Sharing GPU with others makes me can't fetch remote data?

When using nvshmem, I’m using two GPUs as a team. GPU 1 attempts to retrieve remote data from GPU 0 using nvshmem_get_mem or nvshmem_g, but only gets 0, which should a non-zero value.
And someone else’s process is currently running on GPU 0.
But when I deploy these two processes to 2 unused GPUs, the program runs normally.
My code in a cuda kernel:

        nvshmem_getmem(
        d_recvbuf, 
        d_sendbuf, 
        sizeof(int), mapped_rank); // mapper rank is 1 for process 0
        nvshmem_quiet();
        printf("rank_in_team=%d, idx=%d, recv value=%d\n", rank_in_team, idx, d_recvbuf[0]);
        nvshmem_quiet();
        int v = nvshmem_int_g(d_sendbuf, mapped_rank);
        printf("rank_in_team=%d, idx=%d, remote value=%d\n", rank_in_team, idx, v);

Both recv value=0 and remote value=0, which should not be 0.
I’m thinking that sharing the GPU with others shouldn’t affect the correctness of nvshmem, but that doesn’t explain the behavior I’m experiencing.
Or am I not using the correct synchronization?

I’d appreciate any help!

WTF, I tested it again after I woke up and it worked (even sharing the GPU with others).
I didn’t modify any code, it’s amazing.

Is my understanding correct that you’re doing a “crisscross” where process 0 gets data from process 1, and process 1 gets data from process 0? Then you call quiet on both sides and print out what you got from the other side?

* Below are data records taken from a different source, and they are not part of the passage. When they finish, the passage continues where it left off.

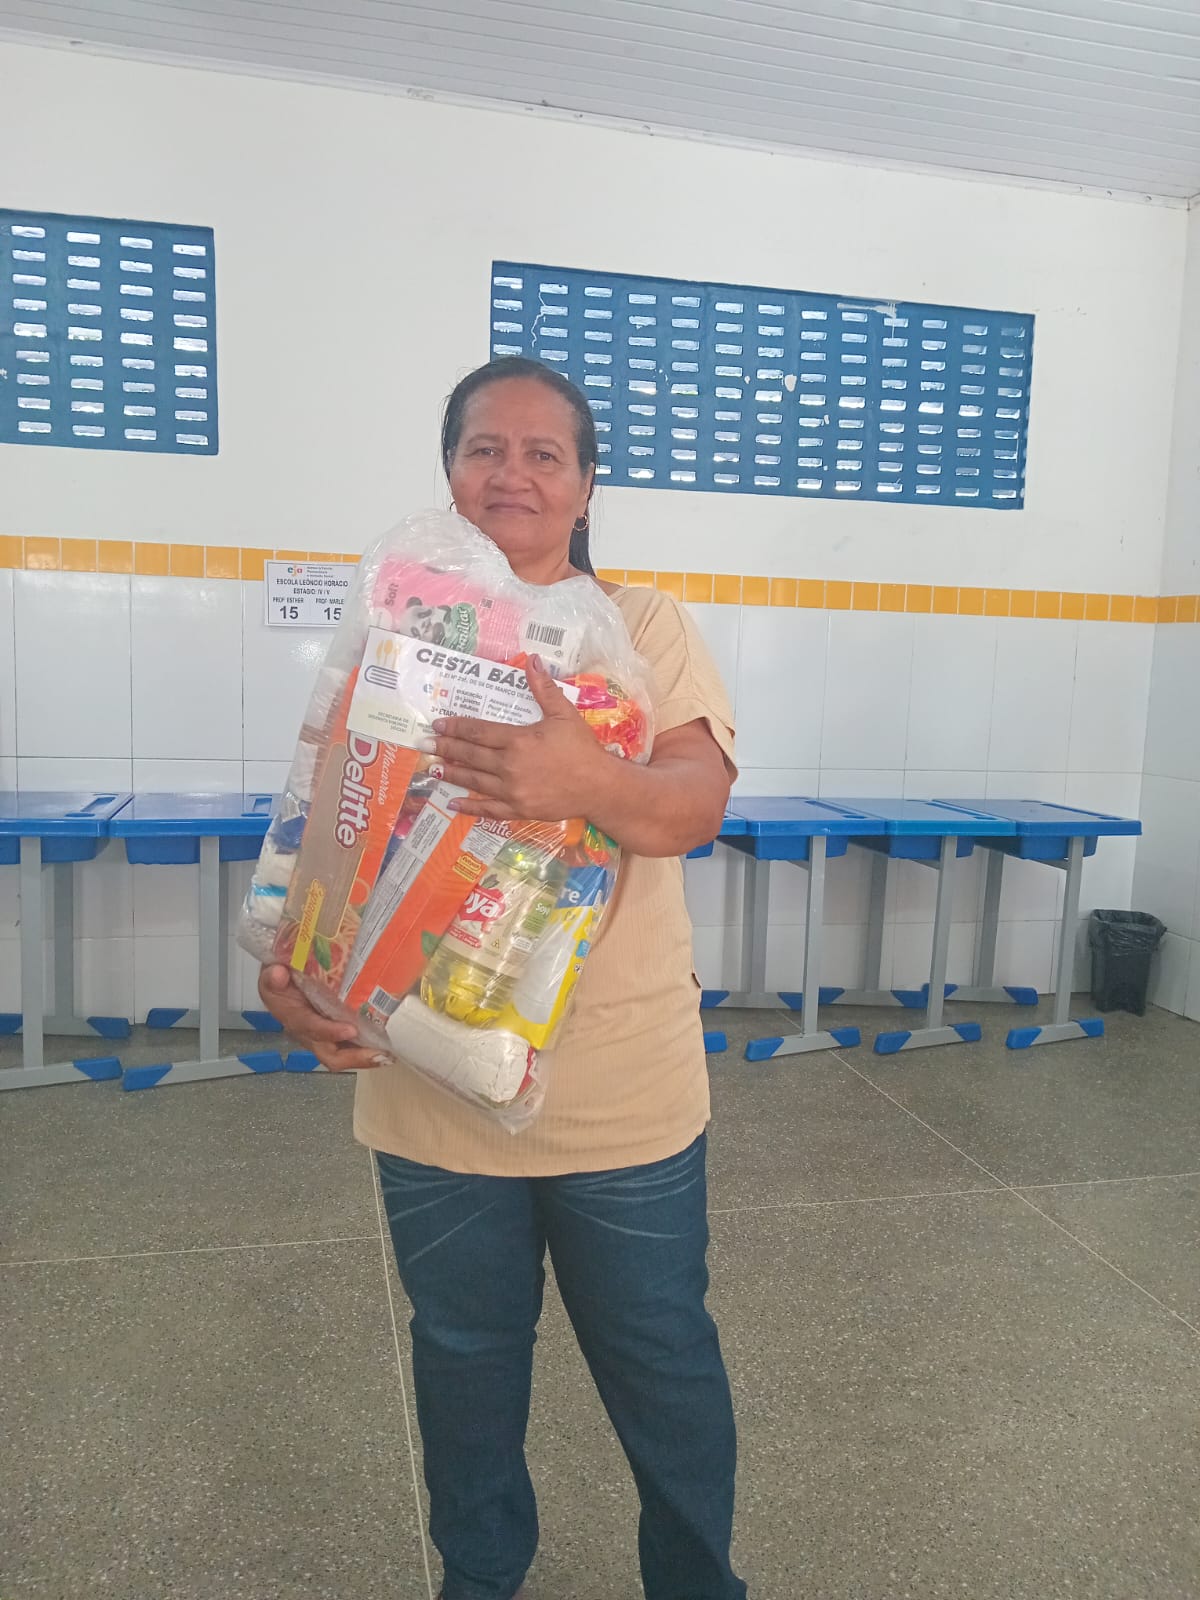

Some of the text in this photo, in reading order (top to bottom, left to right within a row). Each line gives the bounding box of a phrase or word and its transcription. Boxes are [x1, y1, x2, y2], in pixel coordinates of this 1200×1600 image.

[287, 565, 303, 577] eja
[276, 578, 298, 586] ESCOLA
[384, 582, 399, 607] Soft
[279, 605, 299, 620] 15
[323, 607, 342, 620] 15
[416, 648, 480, 677] CESTA
[487, 667, 533, 692] BÁS
[485, 682, 494, 690] DE
[495, 685, 516, 696] MARÇO
[439, 708, 458, 718] ETAPA
[337, 730, 379, 846] Delitte

Where and how does the sendbuf and recvbuf get allocated? How do they get set to those non-zero values? Are you calling some kind of cross-PE synchronization (e.g. nvshmem_barrier_all() after the values are set on each side, but before the crisscrossing gets are called?

Sorry for the late reply.
Thanks for your reply, I think I understand where my error lies. For both GPU0 and GPU1, I set the send/recv buffer contents using a CUDA kernel and executed cudaDeviceSynchronize.
However, I didn’t call cross-PE synchronization, which I suspect is the source of this strange behavior.
Thanks for the heads-up!

Yes, since the communication is one-sided, it would be on the programmer to synchronize before the first communication is performed. And cudaDeviceSynchronize only synchronizes one GPU (that is one PE) with respect to itself. A nvshmem_barrier of some kind is needed.